Starring: Rooney Mara, Claire Foy, Jessie Buckley, Ben Whislaw, Frances McDormand

We at In Their Own League have had the pleasure of veiwing Sarah Polley’s “Women Talking” (2022) at Film Festivals across both America and Europe. A bold and visceral discussion on women’s rights and toxic masculinity, it is likely to be a big awards contender. Rather than nominate a reviewer to cover the film, we at The League have instead decided to follow the film’s example of diverse voices. Below are multiple reviews from the various contributors to the site who have had the chance to see “Women Talking” and revel in its power.

Sarah Manvel says:

“Women Talking” is about a brief window of opportunity women have to truly be themselves. Their ultra-conservative Mennonite culture does not often allow this – in their community girls are forbidden education, and one elderly woman states she has never asked any man for so much as opening a curtain – so they seize it with both hands. But this opportunity has come after acts of great horror, and they must decide how they will react to that horror, both for themselves and for their children. It is literally life-changing, as they move from creatures acted upon into people taking control of their own destiny.

What lingers is the mood which director Sarah Polley and her actresses (including Rooney Mara, Claire Foy and Jessie Buckley) have created. Life has shown these women little kindness and no respect, except from each other, but they are all determined to follow their consciences and do the proper thing. If only they could agree what the proper thing is. This self-assertion is something their culture has gone to great trouble to suppress. But the culture has not succeeded. They know they are important, and their decisions matter, that they have only this one chance and must not waste it.
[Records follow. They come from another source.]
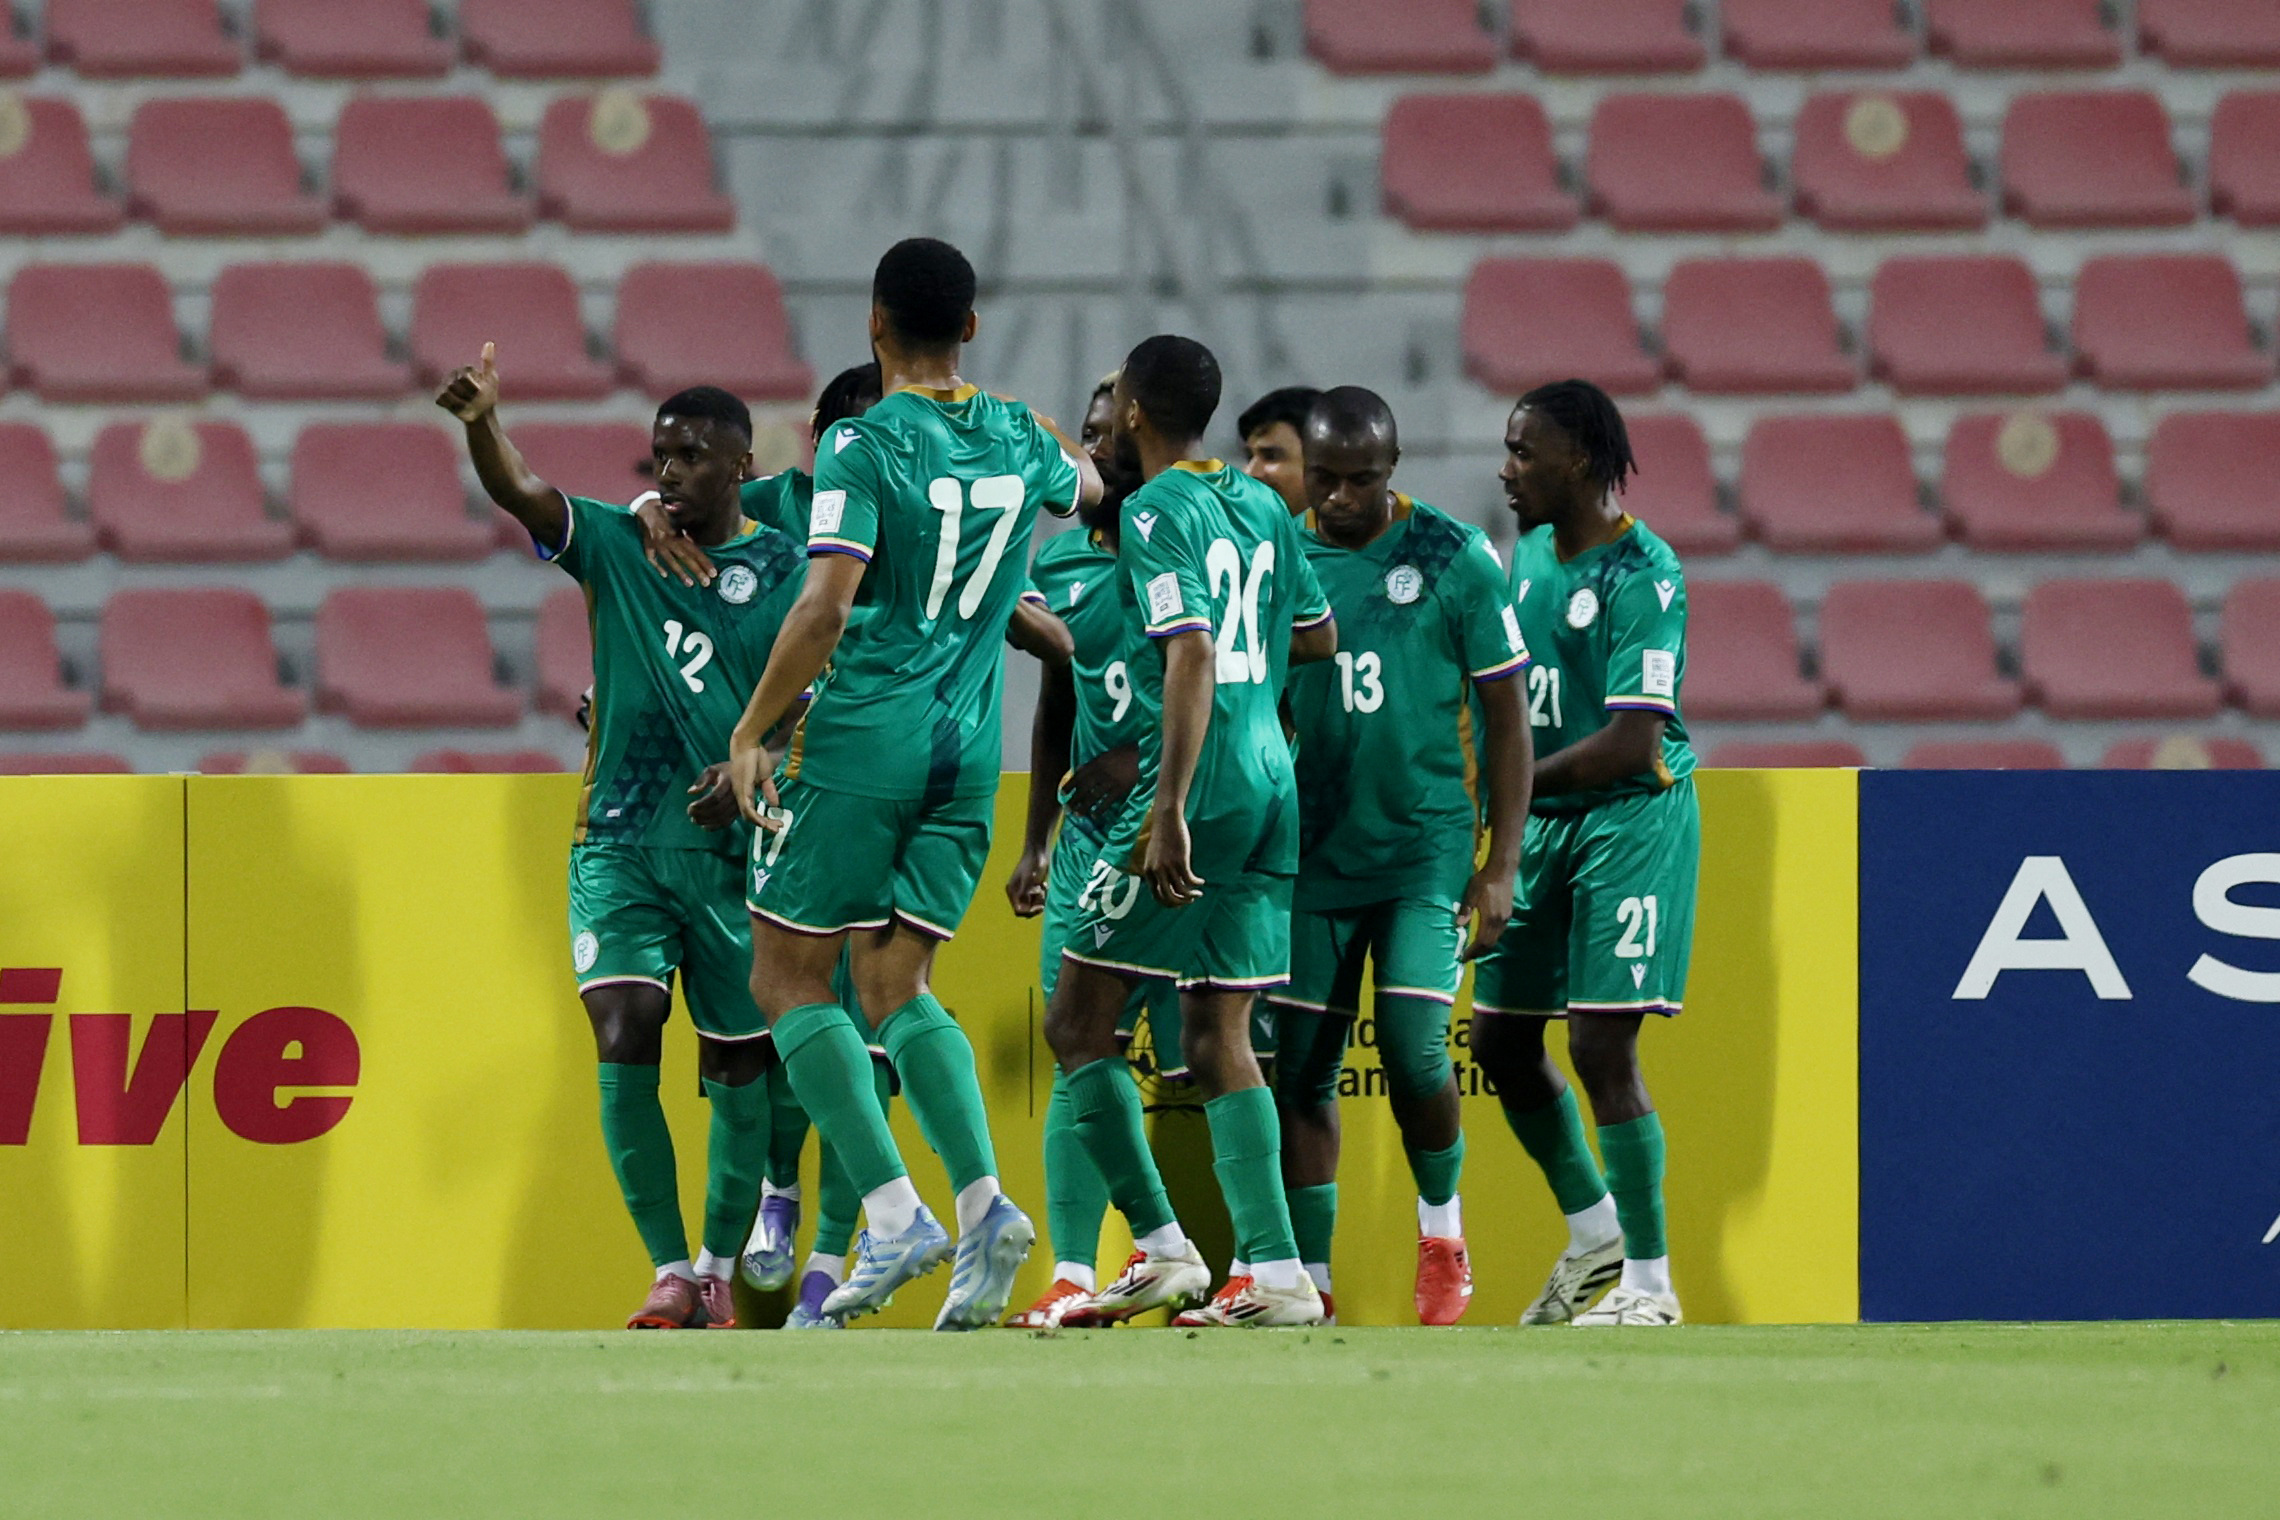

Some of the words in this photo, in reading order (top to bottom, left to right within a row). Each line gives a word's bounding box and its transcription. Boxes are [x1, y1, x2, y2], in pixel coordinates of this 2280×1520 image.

[925, 474, 1025, 620] 17
[1206, 538, 1275, 684] 20
[662, 619, 714, 693] 12
[1335, 651, 1384, 713] 13
[1105, 661, 1132, 722] 9
[1529, 665, 1562, 728] 21
[1615, 895, 1657, 958] 21
[0, 968, 361, 1145] ive
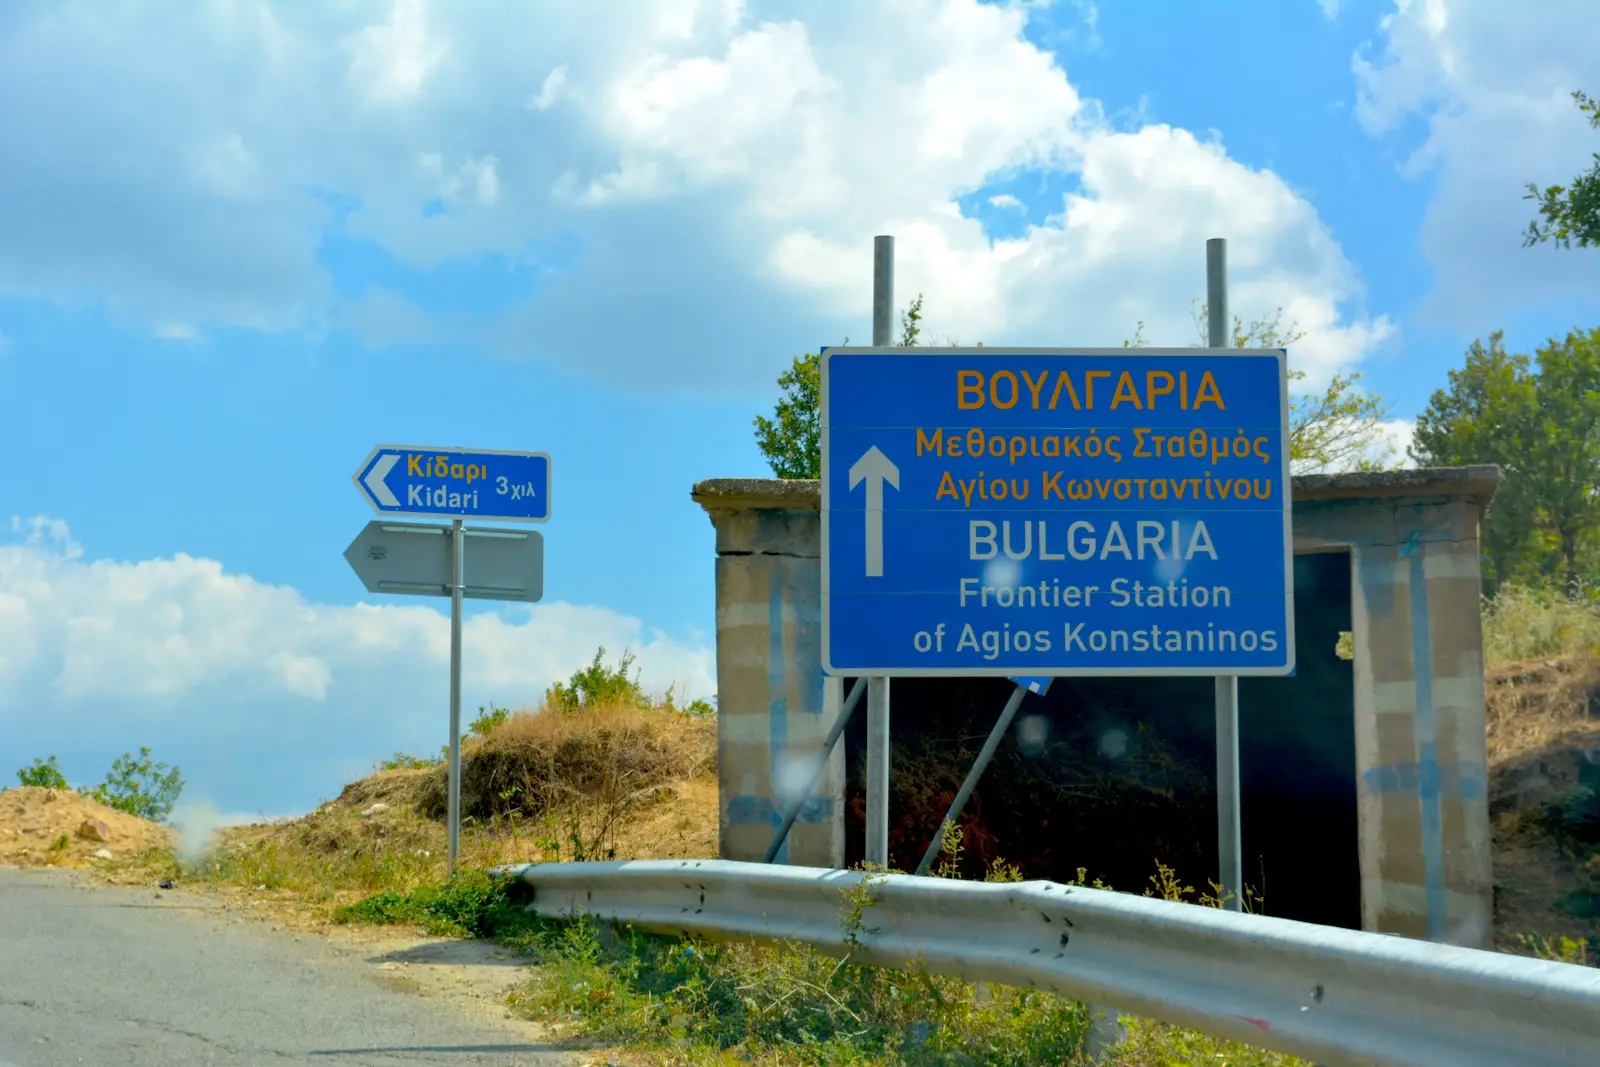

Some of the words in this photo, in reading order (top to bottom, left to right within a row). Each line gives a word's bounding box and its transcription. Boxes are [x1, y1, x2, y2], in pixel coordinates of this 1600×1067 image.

[957, 370, 1226, 410] ΒΟΥΛΓΑΡΙΑ
[915, 427, 1121, 463] Μεθοριακός
[1132, 427, 1270, 464] Σταθμός
[407, 453, 487, 484] Κίδαρι
[407, 484, 478, 509] Kidari
[935, 471, 1029, 508] Αγίου
[1042, 470, 1272, 500] Κωνσταντίνου
[969, 520, 1219, 562] BULGARIA
[959, 577, 1099, 608] Frontier
[1109, 577, 1232, 608] Station
[913, 623, 946, 653] of
[956, 623, 1052, 660] Agios
[1064, 622, 1279, 653] Konstaninos
It’s a quietly ferocious film that lingers much longer than its actual running time.

Rosa Parra says:

Sarah Polley‘s “Women Talking” left me speechless. I admire the exploration of these women discussing their options as a series of sexual attacks have forced them to have these conversations. They can stay and fight, forgive or leave. I’m aware the film is adapted from the source material, but I can’t help but wonder why these women have to be pushed to the verge of the cliff. Why do they have to contemplate the notion of leaving the community and their homes instead of men changing or receiving a harsher punishment? But I digress. It was powerful to see these women lay out their viewpoints and witness some perspectives slightly change as the conversation played out. The dialogue is thoughtfully delivered, but most importantly smart. Regardless of the stance these characters stand on, the story does an excellent job of providing context which allows for a better understanding without judgment.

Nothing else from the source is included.